Accord de défense : ma réponse au Collectif pour le changement (CPC)
D’emblée je salue cet acte patriotique de ces jeunes leaders politiques regroupés au sein du Collectif pour le changement (CPC). En tant que politiques, ils veulent conjuguer leur savoir-faire pour donner des propositions de sortie de crise au problème du nord du Mali et notamment de la région de Kidal. Pour rappel, ce regroupement est né après le premier tour de l’élection présidentielle de juillet 2013 pour soutenir IBK au second tour. Ce collectif, amené par mon grand frère de quartier M. Racine Thiam secrétaire à l’organisation du CPC et non moins président du parti CAP (Convergence d’actions pour le peuple), ce natif de Baladabougou Sema I qui n’est plus à présenter sur la scène politique ni sur le secteur privé après un parcours honorable à la direction de communication de Orange-Mali.
Le CPC demande aux autorités maliennes d’accélérer rapidement la signature de l’accord de défense avec la France (lire annexe I).

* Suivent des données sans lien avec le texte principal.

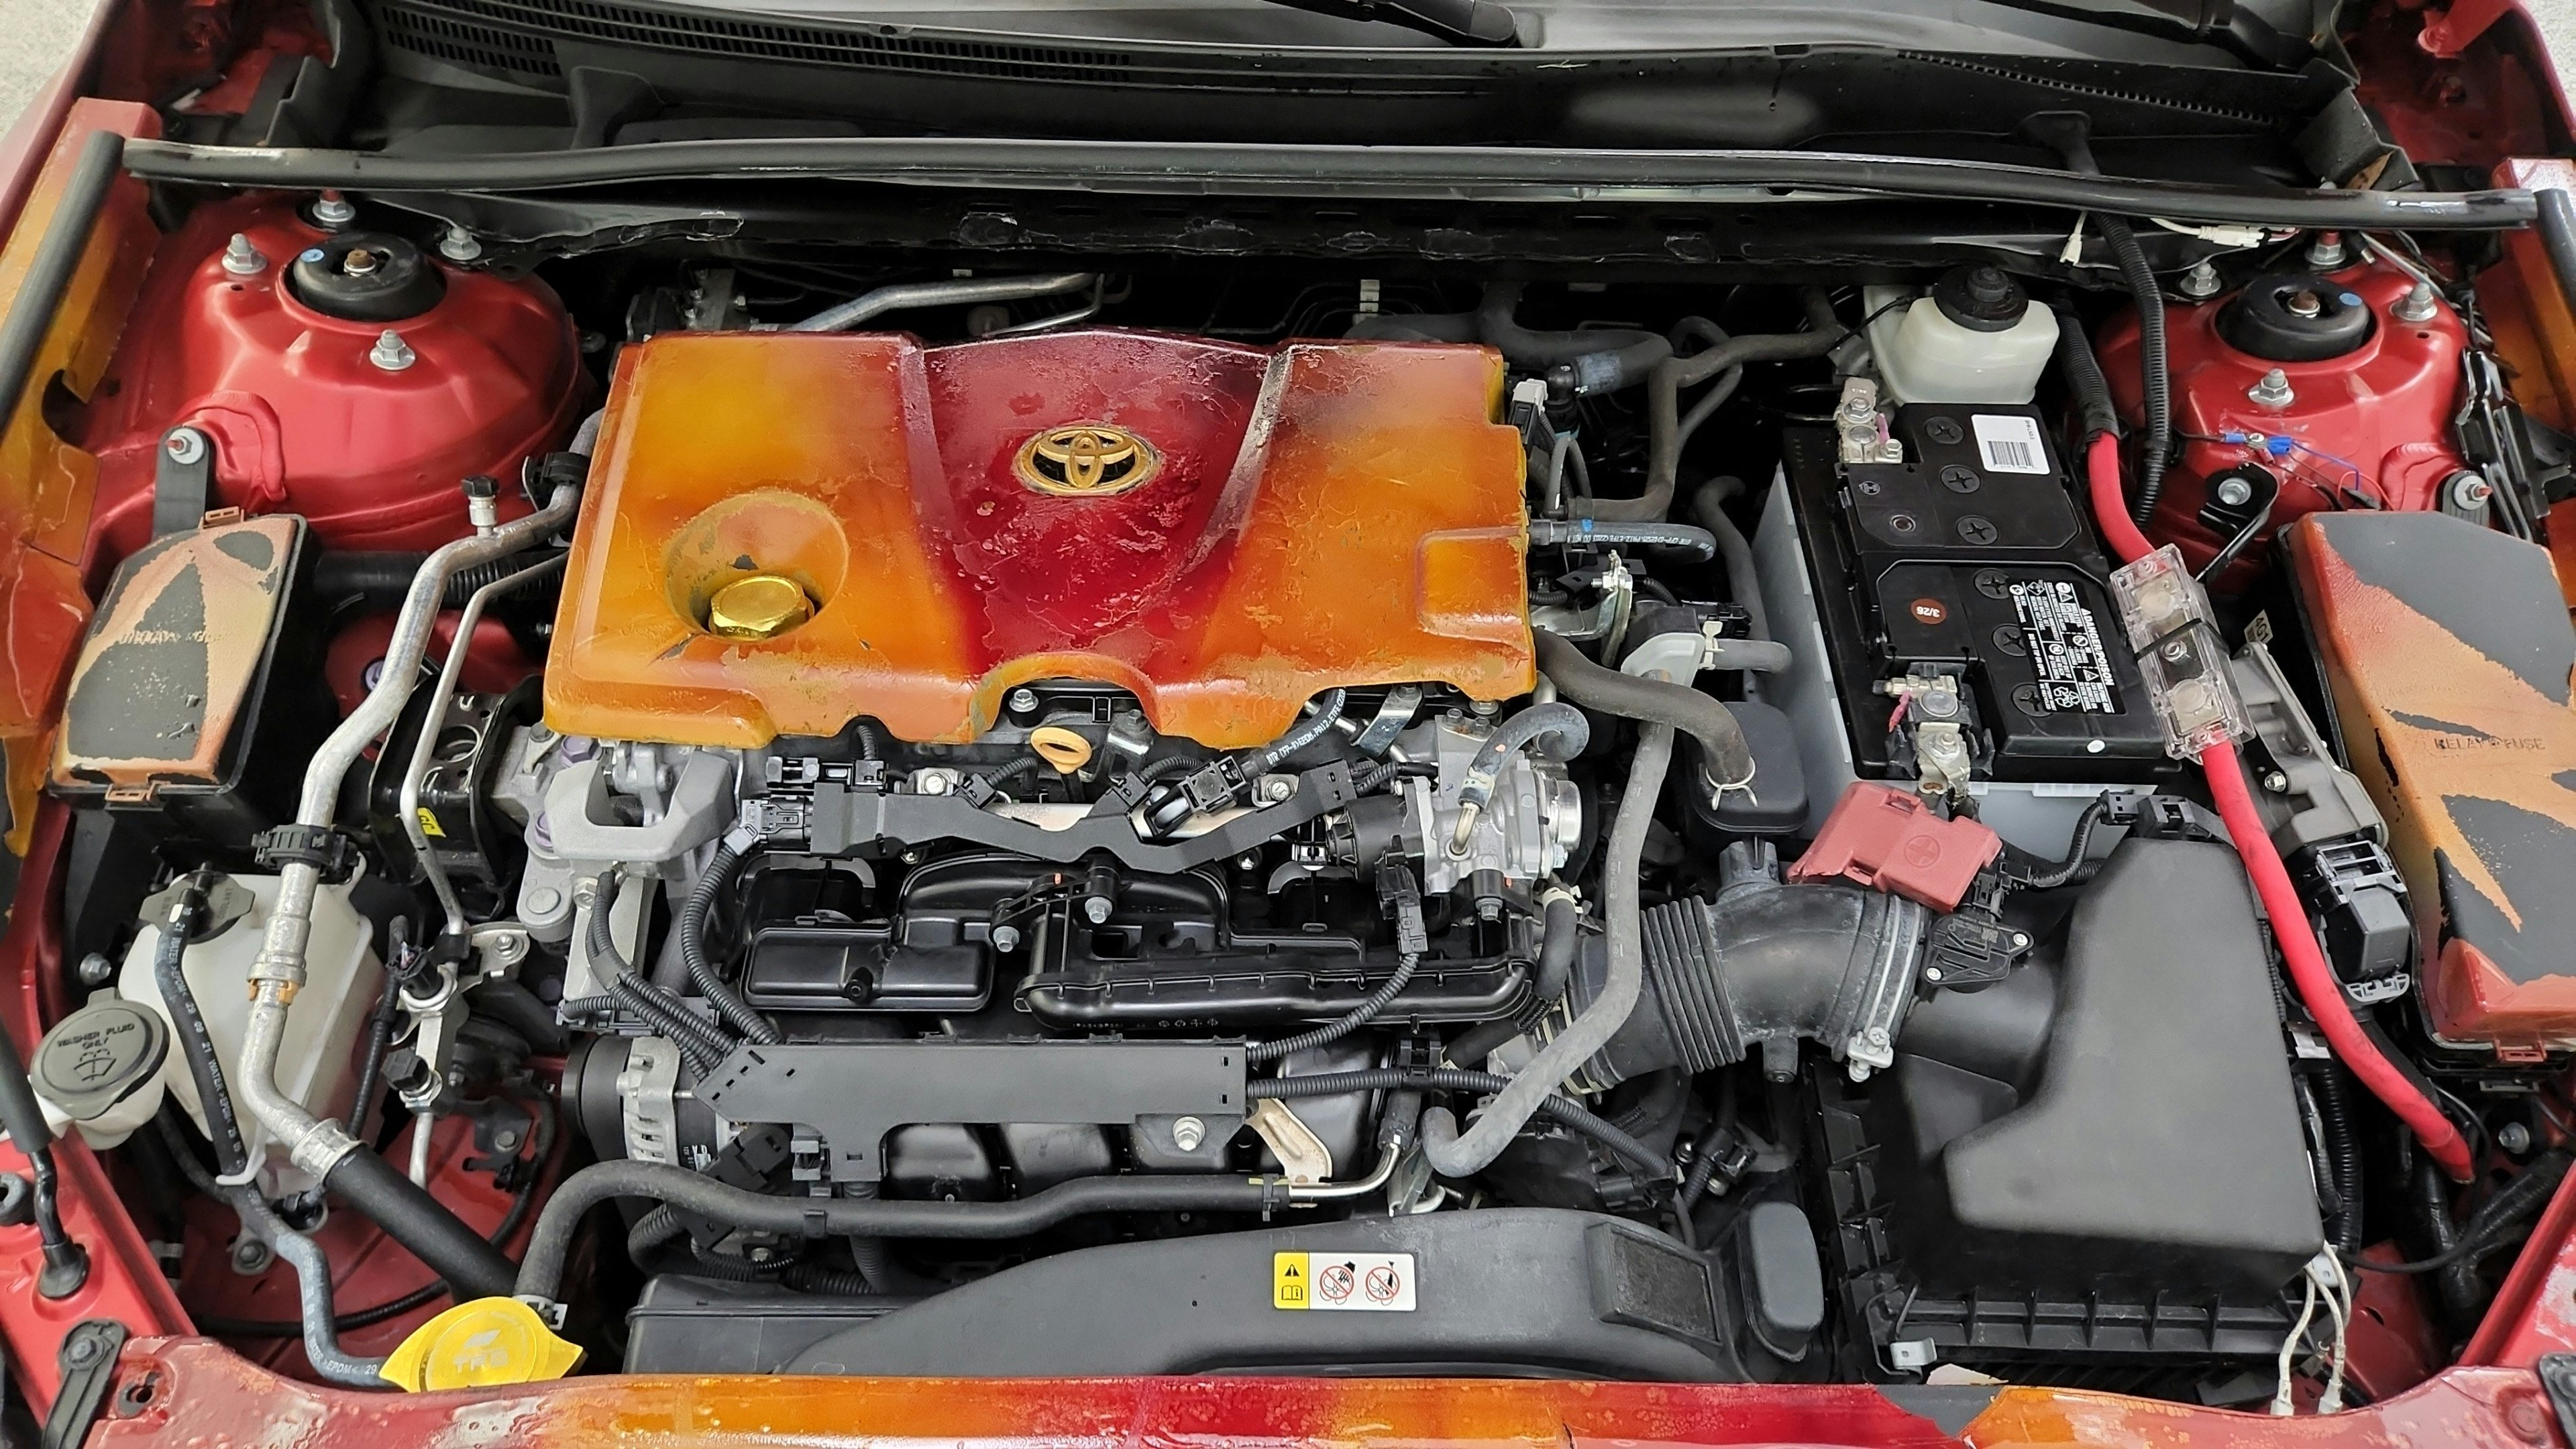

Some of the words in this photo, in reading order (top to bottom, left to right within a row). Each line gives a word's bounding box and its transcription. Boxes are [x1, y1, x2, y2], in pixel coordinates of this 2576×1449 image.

L’initiative est à saluer, surtout pendant ce moment turbulent de l’histoire de notre nation. Le Mali a besoin de l’ensemble de son l’intelligentsia, surtout celle de la sphère politique, de tous ses fils et filles, de tout bord de l’intérieur comme de la diaspora.

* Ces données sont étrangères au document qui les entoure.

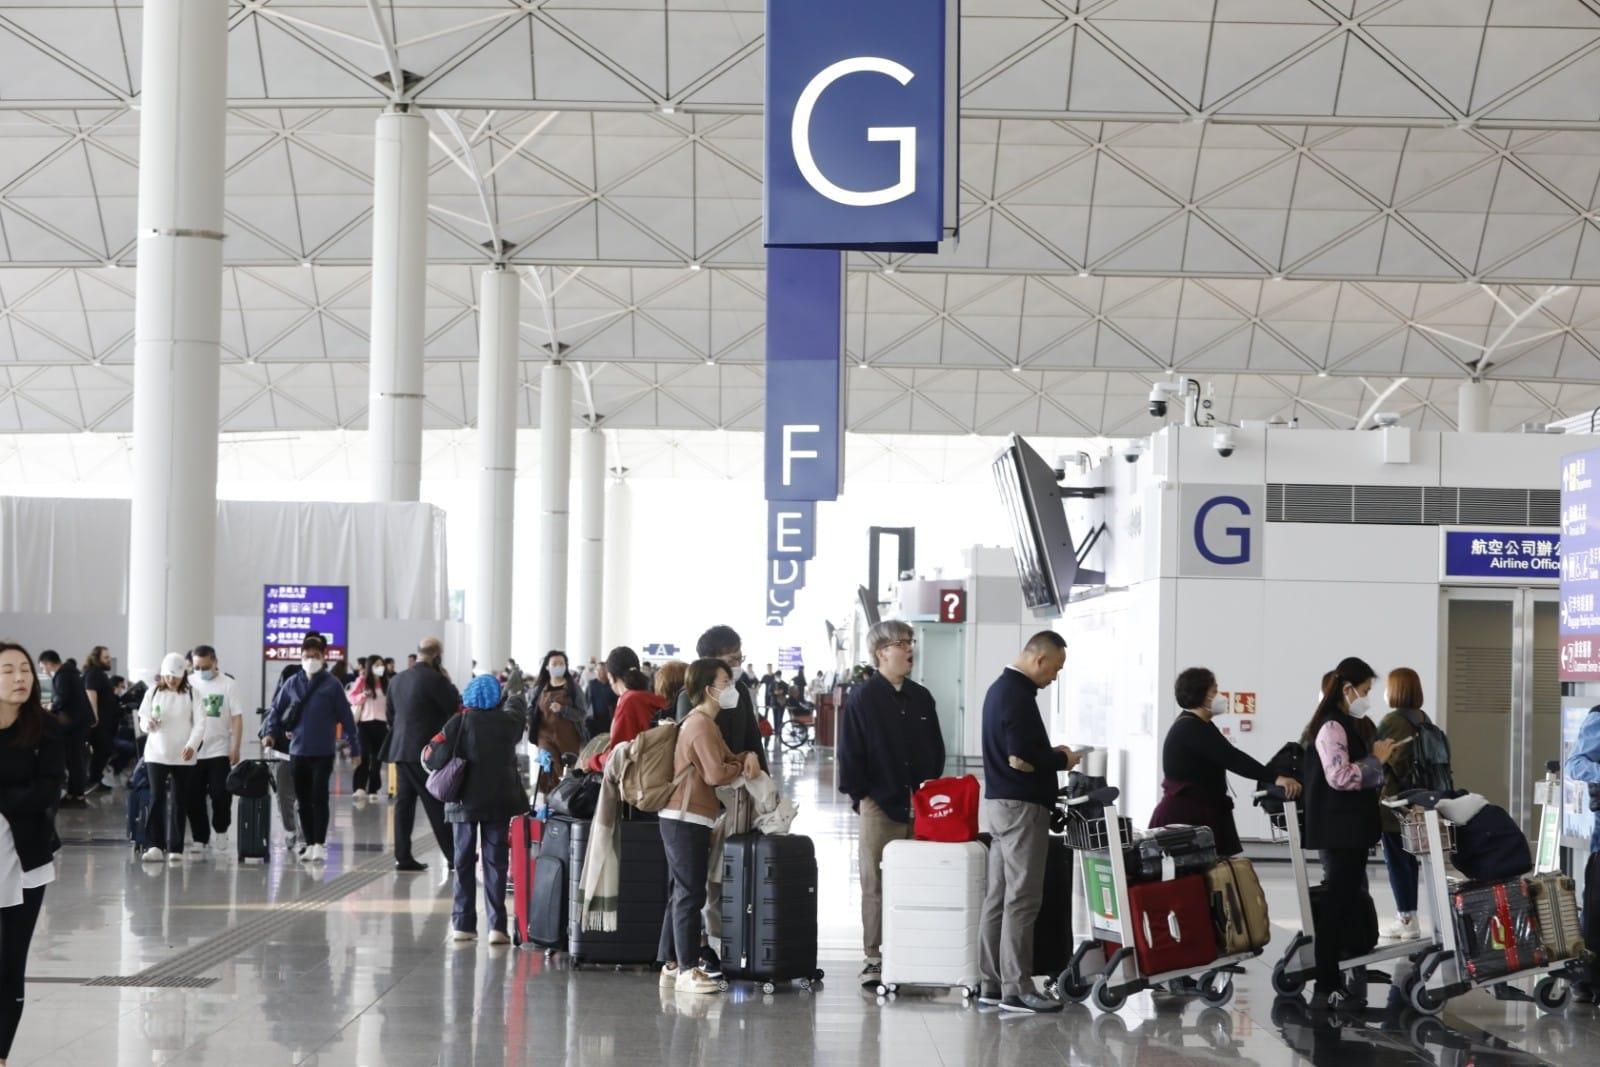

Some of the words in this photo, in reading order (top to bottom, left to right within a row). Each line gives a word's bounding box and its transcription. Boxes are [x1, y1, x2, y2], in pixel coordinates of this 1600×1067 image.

[791, 56, 917, 206] G
[782, 425, 820, 486] F
[777, 512, 802, 552] E
[1193, 495, 1251, 565] G
[1490, 557, 1529, 569] Airline
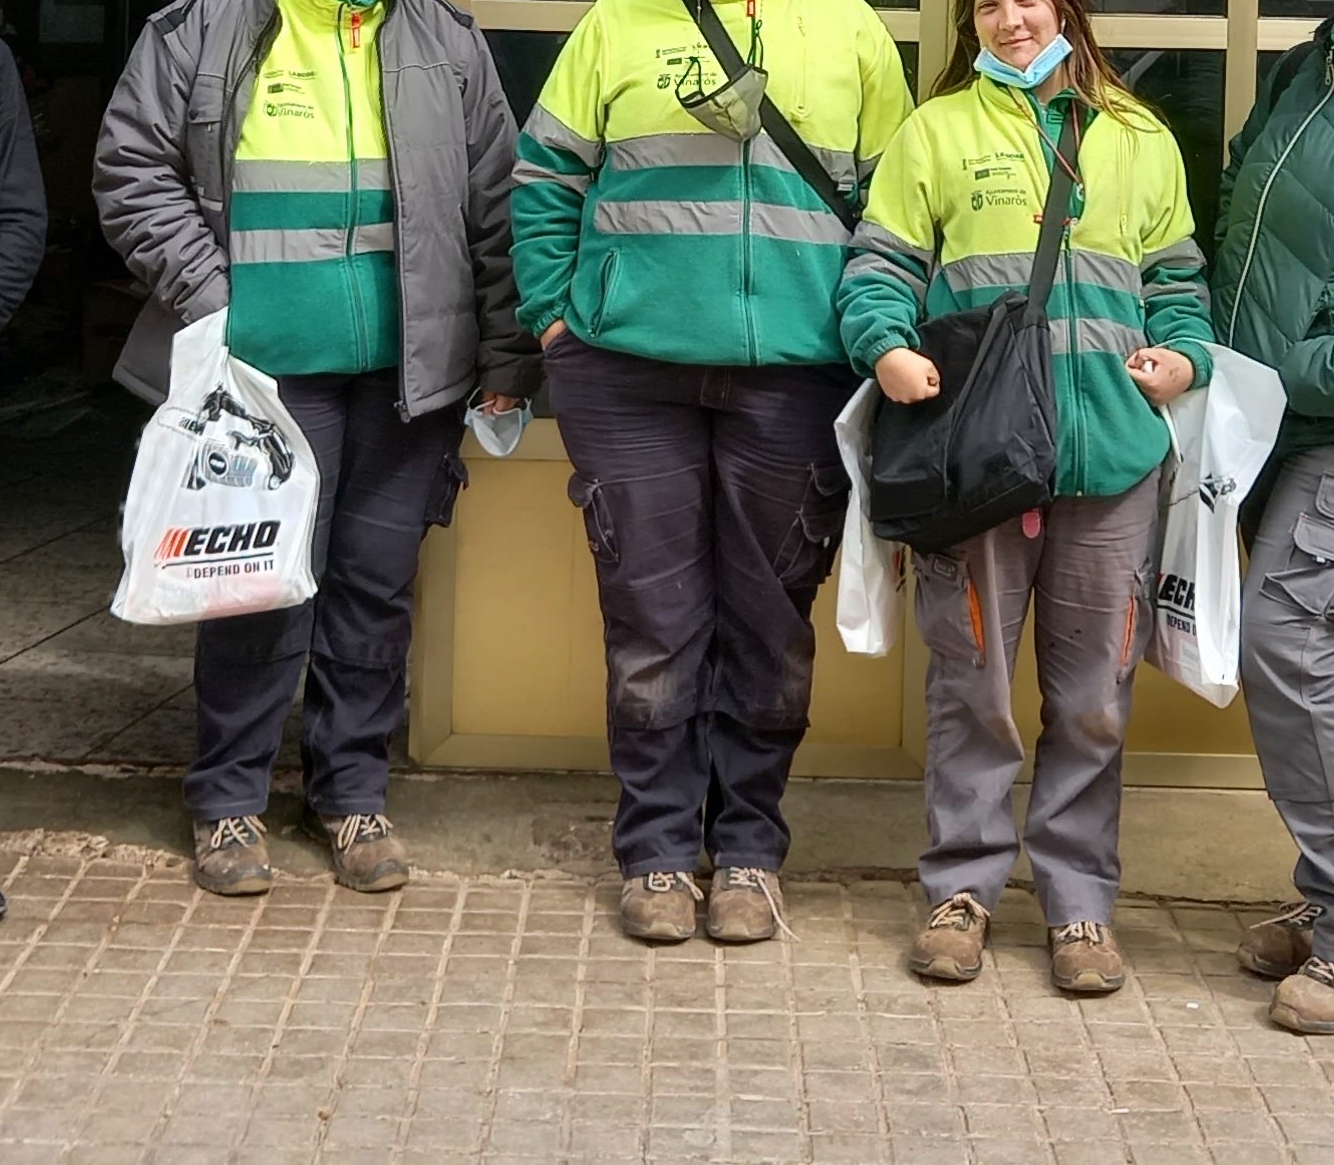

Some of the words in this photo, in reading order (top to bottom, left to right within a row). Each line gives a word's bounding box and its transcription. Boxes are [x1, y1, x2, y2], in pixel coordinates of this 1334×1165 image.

[183, 519, 281, 556] ECHO
[194, 563, 240, 579] DEPEND
[244, 560, 260, 574] ON
[264, 559, 275, 571] IT
[1159, 573, 1196, 612] ECH

A travers ces quelques lignes, j’aimerais formuler une objection par rapport à la proposition faite par les membres du CPC. A mon humble avis, l’initiative en soi n’est pas mauvaise, mais je constate une lecture sélective et restrictive de l’histoire franco-malienne et une omission d’envergure dans leur proposition de sortie de crise.
Une lecture sélective et restrictive de l’histoire franco-malienne
Le CPC dit dans sa proposition, je cite « A la veille de l’intervention française en janvier 2013, si la France avait exigé la signature de l’accord de défense avant d’intervenir à Konan, quel Malien allait refuser ? ». Certes, il est vrai que personne n’allait dire non. En se basant sur cet événement pour exiger la signature d’un accord de défense est pour moi une lecture sélective et restrictive de l’histoire franco-malienne. La France ne pouvait pas nous exiger cela, car elle nous doit et beaucoup.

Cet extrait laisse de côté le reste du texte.